* [DATA FOR PROCESSING]

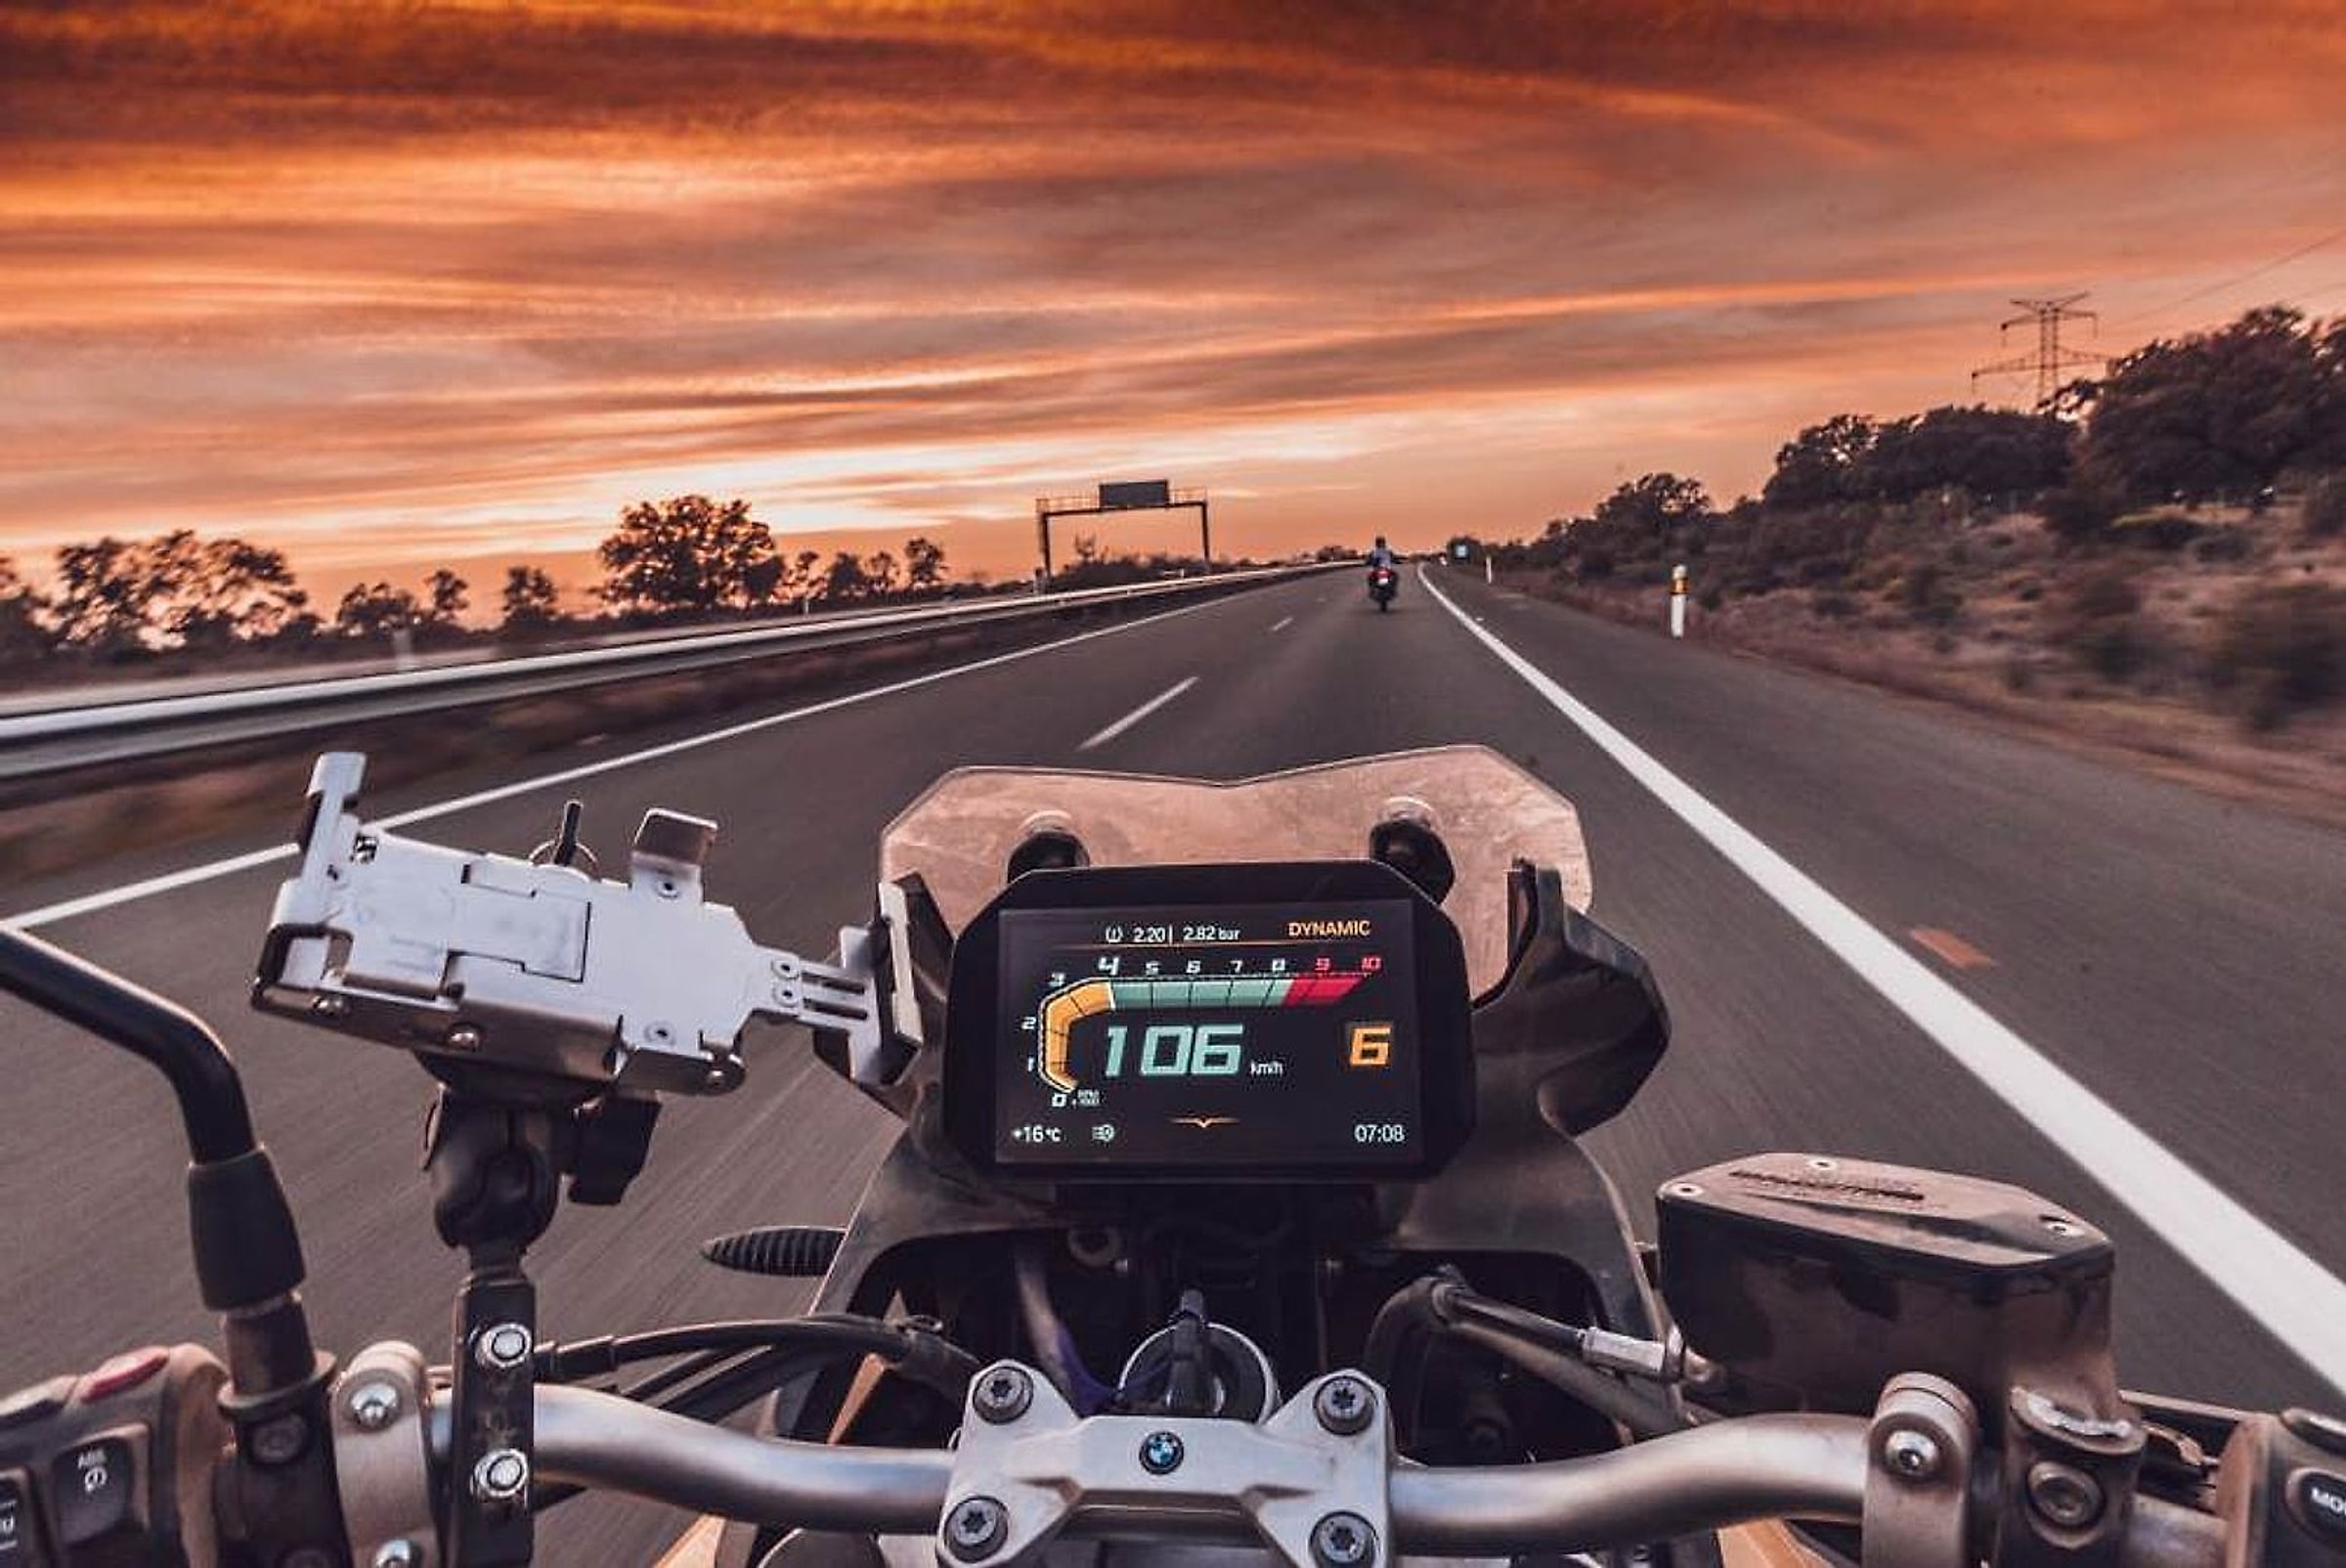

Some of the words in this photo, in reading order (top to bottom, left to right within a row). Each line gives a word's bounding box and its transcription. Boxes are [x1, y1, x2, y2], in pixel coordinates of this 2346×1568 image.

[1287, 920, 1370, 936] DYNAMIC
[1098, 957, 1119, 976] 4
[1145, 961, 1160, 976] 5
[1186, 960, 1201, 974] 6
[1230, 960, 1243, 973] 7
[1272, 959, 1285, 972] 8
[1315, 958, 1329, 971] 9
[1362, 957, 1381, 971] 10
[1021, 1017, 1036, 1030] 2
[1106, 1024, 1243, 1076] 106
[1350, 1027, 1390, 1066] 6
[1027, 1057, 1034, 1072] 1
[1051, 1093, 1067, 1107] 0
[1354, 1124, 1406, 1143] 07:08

* [TASK OBJECTIVE] Leave out the pictures, and give all the records again exactly.

* [TASK RESULT]
Some of the words in this photo, in reading order (top to bottom, left to right within a row). Each line gives a word's bounding box and its transcription. Boxes are [x1, y1, x2, y2], in pixel coordinates of this 2346×1568 image.

[1287, 920, 1370, 936] DYNAMIC
[1098, 957, 1119, 976] 4
[1145, 961, 1160, 976] 5
[1186, 960, 1201, 974] 6
[1230, 960, 1243, 973] 7
[1272, 959, 1285, 972] 8
[1315, 958, 1329, 971] 9
[1362, 957, 1381, 971] 10
[1021, 1017, 1036, 1030] 2
[1106, 1024, 1243, 1076] 106
[1350, 1027, 1390, 1066] 6
[1027, 1057, 1034, 1072] 1
[1051, 1093, 1067, 1107] 0
[1354, 1124, 1406, 1143] 07:08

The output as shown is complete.